Ontario should also continue to pursue qualification recognition efforts targeted toward non-regulated professions, in addition to the skilled trades through the Ontario College of Trades.

31. The Government of Ontario should ensure that aggrieved applicants for licensure have appropriate recourse.
The Office of the Fairness Commissioner assesses licensing in 40 regulatory bodies for Ontario professions. The Commissioner's mandate is to ensure that regulatory bodies and professions have registration practices that are transparent, objective, impartial, and fair. The Commissioner may recommend changes to how a regulatory body measures and assesses professional competence; if her recommendation is not accepted, the Commissioner may refer the recommendation to the ministry responsible for that regulatory body.

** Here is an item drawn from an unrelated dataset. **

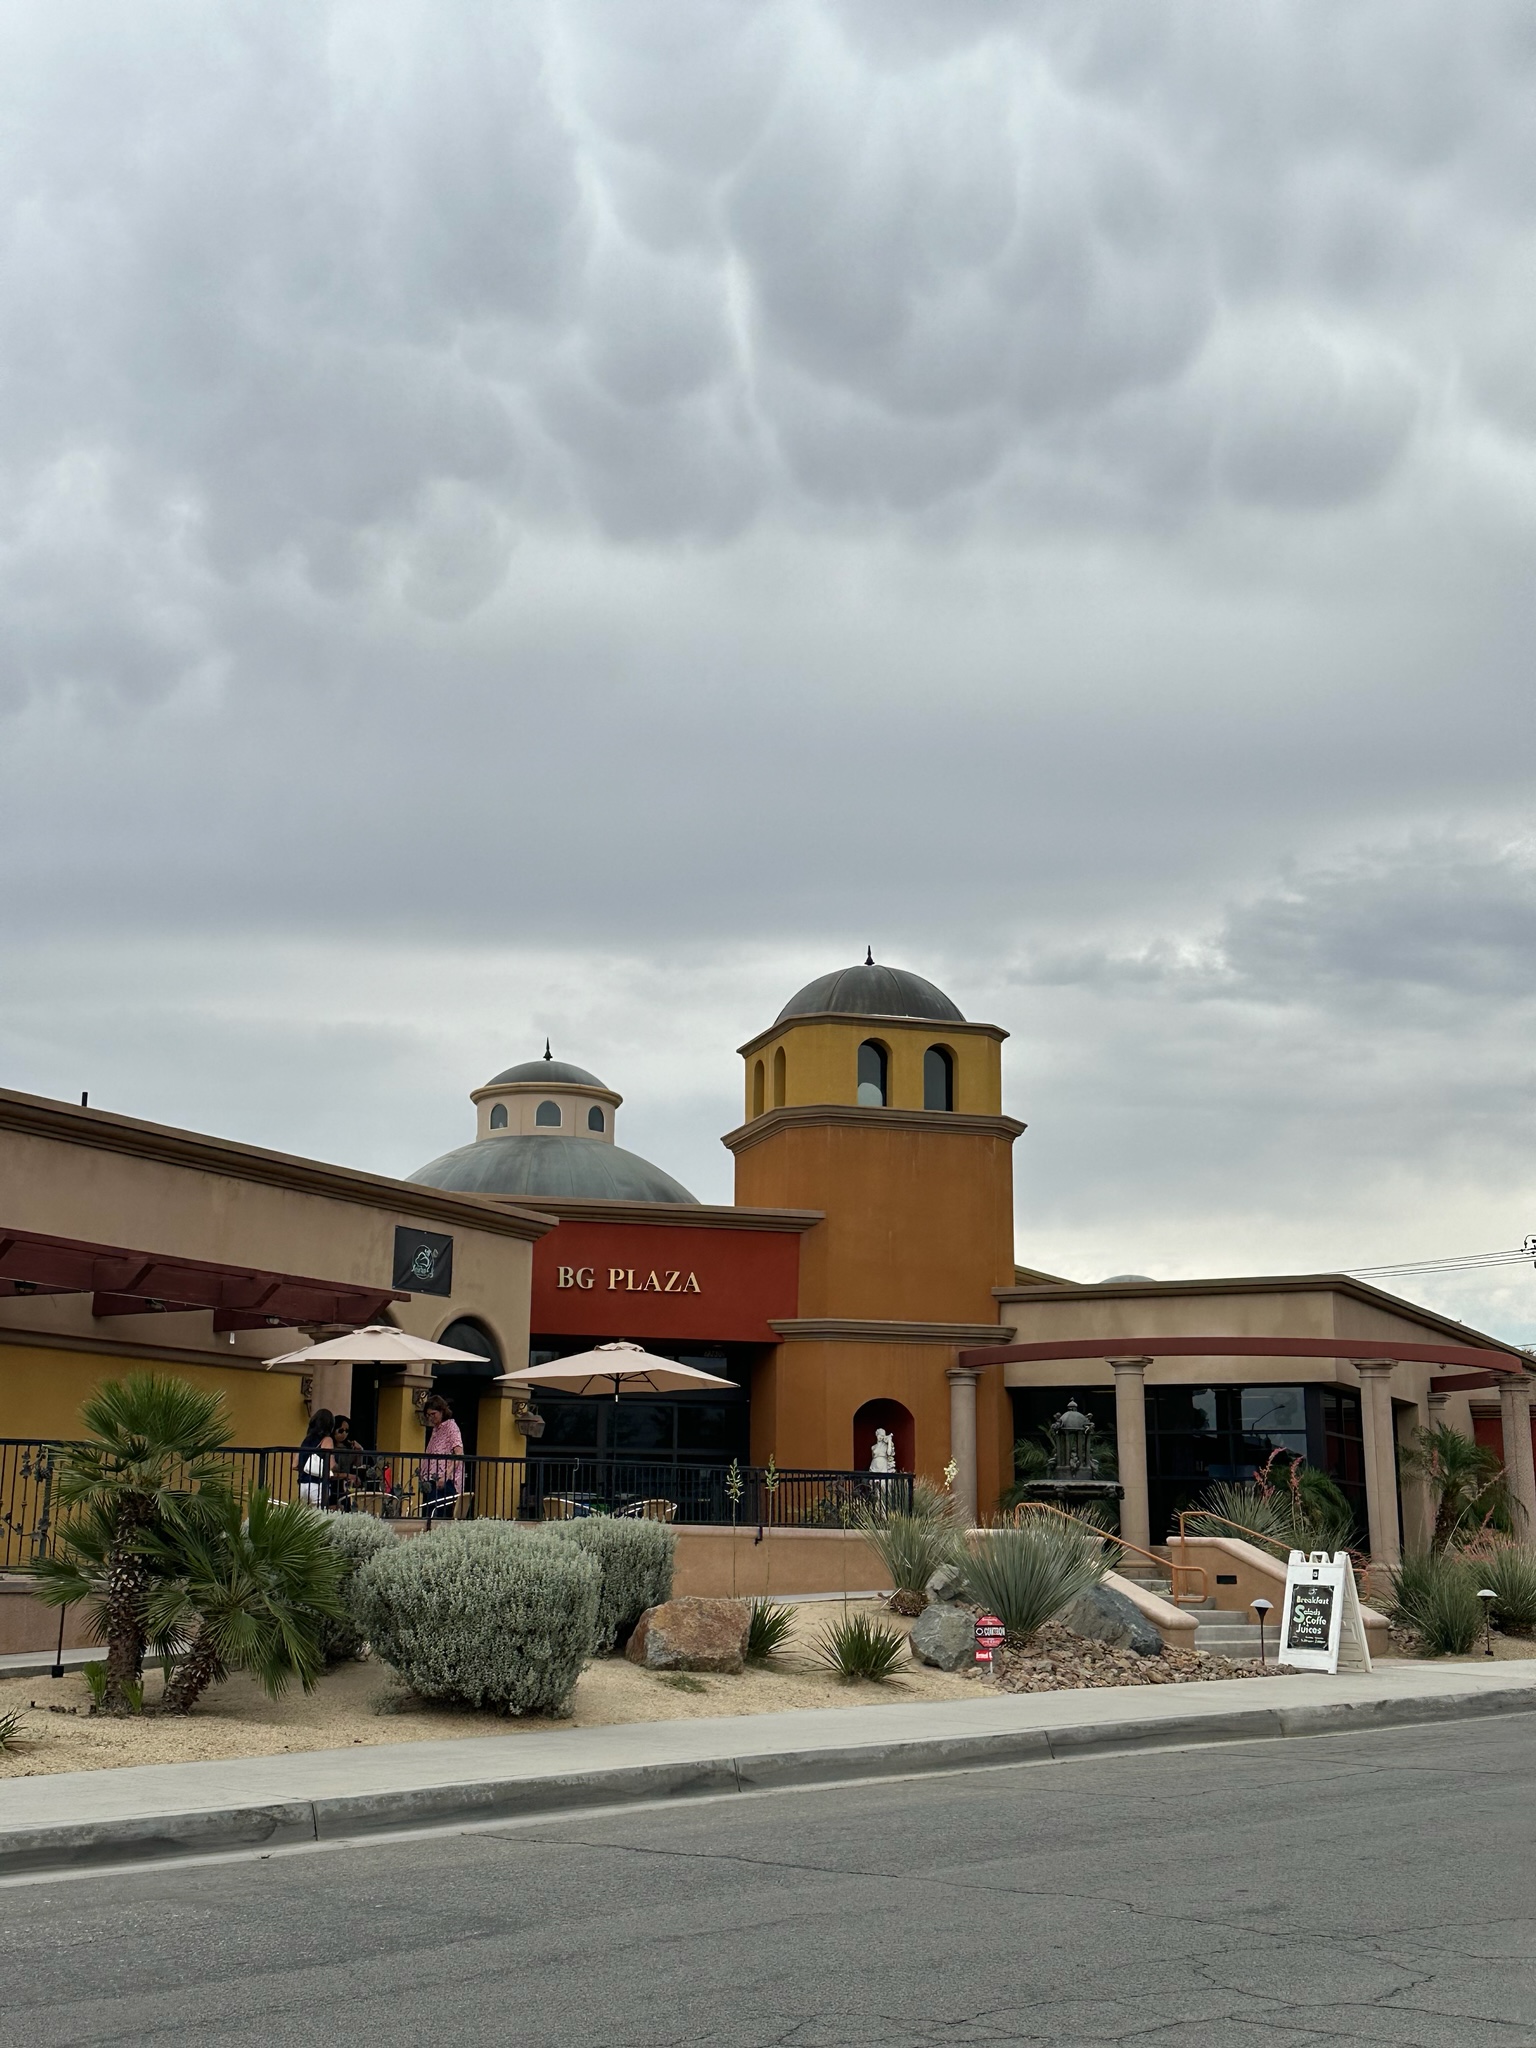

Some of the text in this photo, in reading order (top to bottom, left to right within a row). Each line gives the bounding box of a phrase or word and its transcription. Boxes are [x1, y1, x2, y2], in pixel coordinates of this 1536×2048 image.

The Office of the Fairness Commissioner does not investigate individual complaints brought against professional regulatory bodies concerning their licensing decisions. Complaints are made to a committee of the regulatory body concerned. They may be appealed to either a further committee of the same regulatory body (in the case of non-health professions) or to the Health Professions Appeal and Review Board (for health professions). A further appeal is available to Ontario's Divisional Court. The Government of Ontario should continue to closely monitor this process and ascertain whether or not additional routes should be considered to ensure that immigrant professionals have access to appropriate, timely, and transparent recourse.

32. The federal and Ontario governments should work together to ensure that the new federal credential and language assessment system is aligned with licensing bodies and not misconstrued as licensure.
The federal government recently announced that applicants to the Federal Skilled Worker Program will be required to have their foreign education credentials assessed and verified by designated third-party organizations before they arrive in Canada.

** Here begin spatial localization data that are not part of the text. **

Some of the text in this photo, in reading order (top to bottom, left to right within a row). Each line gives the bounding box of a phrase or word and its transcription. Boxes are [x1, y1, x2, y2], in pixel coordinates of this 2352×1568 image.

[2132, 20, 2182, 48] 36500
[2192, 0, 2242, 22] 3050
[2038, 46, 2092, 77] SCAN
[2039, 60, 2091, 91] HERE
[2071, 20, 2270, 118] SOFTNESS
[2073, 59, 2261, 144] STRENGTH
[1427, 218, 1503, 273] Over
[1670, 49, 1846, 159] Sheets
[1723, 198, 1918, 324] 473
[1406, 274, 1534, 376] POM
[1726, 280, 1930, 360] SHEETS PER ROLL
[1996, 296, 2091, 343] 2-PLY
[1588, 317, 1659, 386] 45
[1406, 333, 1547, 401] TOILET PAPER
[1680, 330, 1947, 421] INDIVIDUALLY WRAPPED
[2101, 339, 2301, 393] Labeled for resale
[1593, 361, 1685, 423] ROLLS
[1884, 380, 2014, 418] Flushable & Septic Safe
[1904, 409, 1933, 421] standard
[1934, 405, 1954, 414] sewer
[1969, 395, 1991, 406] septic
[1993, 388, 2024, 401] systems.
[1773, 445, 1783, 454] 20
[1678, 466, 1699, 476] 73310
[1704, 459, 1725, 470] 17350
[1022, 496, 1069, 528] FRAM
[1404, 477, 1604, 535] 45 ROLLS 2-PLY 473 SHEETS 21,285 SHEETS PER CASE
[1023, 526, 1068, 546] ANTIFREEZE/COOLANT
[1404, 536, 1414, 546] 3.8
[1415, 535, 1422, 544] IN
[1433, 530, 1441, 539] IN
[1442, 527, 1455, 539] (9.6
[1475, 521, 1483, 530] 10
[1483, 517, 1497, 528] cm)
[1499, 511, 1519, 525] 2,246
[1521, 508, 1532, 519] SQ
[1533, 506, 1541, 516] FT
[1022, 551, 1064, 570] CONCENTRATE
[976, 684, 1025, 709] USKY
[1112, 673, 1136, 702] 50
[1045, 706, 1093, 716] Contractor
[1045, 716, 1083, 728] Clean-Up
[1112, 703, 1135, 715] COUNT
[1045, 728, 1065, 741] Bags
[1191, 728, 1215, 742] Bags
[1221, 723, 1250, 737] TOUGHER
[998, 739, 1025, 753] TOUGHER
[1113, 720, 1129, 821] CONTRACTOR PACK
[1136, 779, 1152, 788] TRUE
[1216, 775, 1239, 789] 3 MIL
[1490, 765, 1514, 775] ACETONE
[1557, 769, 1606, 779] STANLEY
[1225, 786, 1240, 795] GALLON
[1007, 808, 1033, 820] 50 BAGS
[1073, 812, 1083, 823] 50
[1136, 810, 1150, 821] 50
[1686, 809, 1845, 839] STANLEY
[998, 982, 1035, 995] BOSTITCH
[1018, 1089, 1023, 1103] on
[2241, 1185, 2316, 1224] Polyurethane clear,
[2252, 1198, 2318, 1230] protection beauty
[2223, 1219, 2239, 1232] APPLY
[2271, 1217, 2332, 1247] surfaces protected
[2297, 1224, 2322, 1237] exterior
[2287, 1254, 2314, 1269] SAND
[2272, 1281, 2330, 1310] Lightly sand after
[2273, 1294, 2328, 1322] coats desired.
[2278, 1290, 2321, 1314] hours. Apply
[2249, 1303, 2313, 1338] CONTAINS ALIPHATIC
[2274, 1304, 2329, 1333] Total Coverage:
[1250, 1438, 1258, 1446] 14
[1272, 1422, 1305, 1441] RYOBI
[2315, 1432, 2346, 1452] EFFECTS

While efforts to improve credential assessment and recognition are needed, this new process will need to be coordinated with regulatory bodies' licensure systems across the country and it is unclear who will do the significant work needed to align the processes. According to the Office of the Fairness Commissioner, only one third of new federal language tests are commonly used by regulatory bodies in Ontario, meaning that immigrants will likely have to write two tests and meet two different benchmarks. The assessment of international educational credentials would not mean that Federal Skilled Workers would automatically find employment in Canada commensurate with their skills. Nor would it guarantee that they would become licensed to practice in a regulated occupation. It is the federal government's responsibility to ensure that immigrants understand that the new system is not the same as licensure.


26 These include the Ministry of Citizenship and Immigration, the Ministry of Economic Development and Innovation, the Ministry of Training, Colleges and Universities, the Ministry of Education, the Ministry of Health and Long-Term Care, the Ministry of Community and Social Services, the Ministry of Labour, and the Ministry of Government Services.

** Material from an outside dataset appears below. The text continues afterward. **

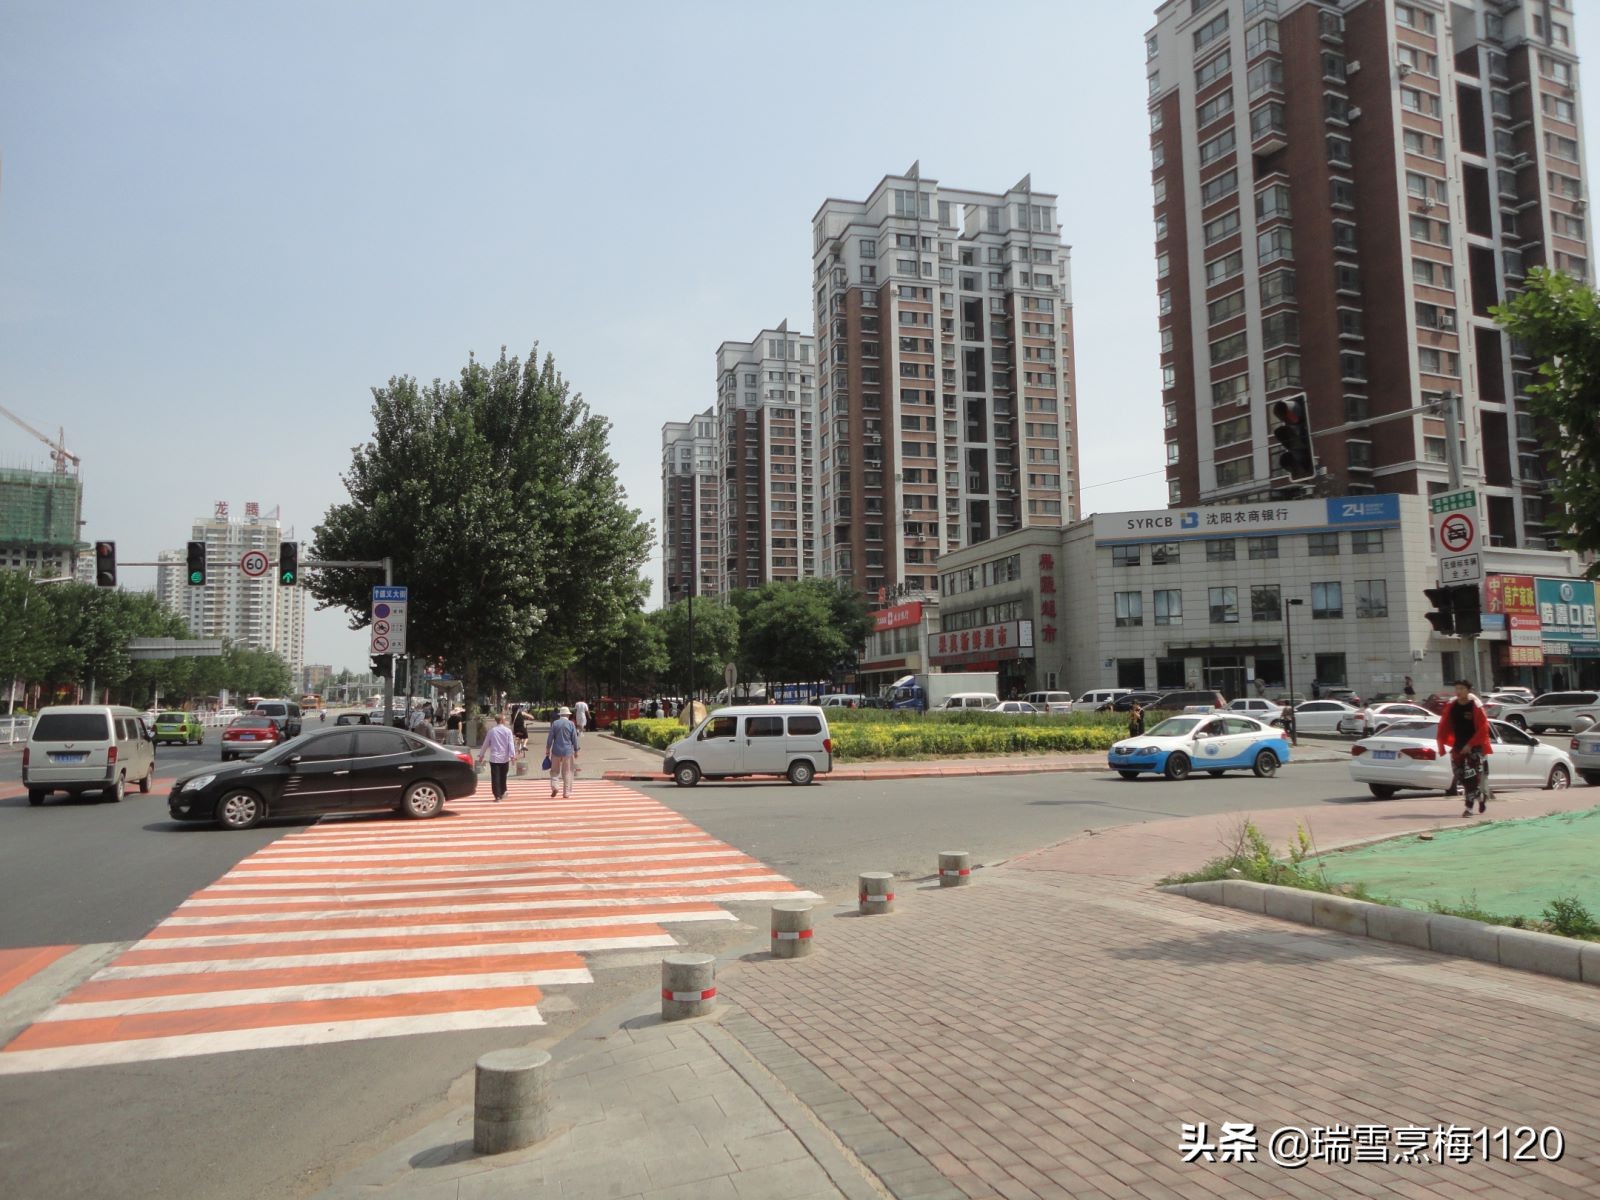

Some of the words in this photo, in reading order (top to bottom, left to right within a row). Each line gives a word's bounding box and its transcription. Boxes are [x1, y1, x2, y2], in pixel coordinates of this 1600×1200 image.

27 Gold, J, M. Mendelsohn, and J. Hjartarson. 2011. Fiscal Sustainability and the Future of Public Spending: A Shifting Gears Progress Report. November 2011. Toronto: Mowat Centre. http://www.mowatcentre.ca/pdfs/mowatResearch/60.pdf.; Mendelsohn, M. 2010. Shifting Gears: Paths to Fiscal Sustainability in Canada. December 2010. Toronto: Mowat Centre. http://www.mowatcentre.ca/pdfs/mowatResearch/58.pdf.

28 Centre for Community Based Research. 2010. The Canadian Immigration Integration Project (CIIP) Pilot Final Evaluation Report. November 2010. Kitchener: Centre for Community Based Research. http://www.newcomersuccess.ca/images/stories/reports/2010-november-final-evaluation-report.pdf.

29 See the glossary in the Appendix for a description of the different categories of refugees and refugee claimants.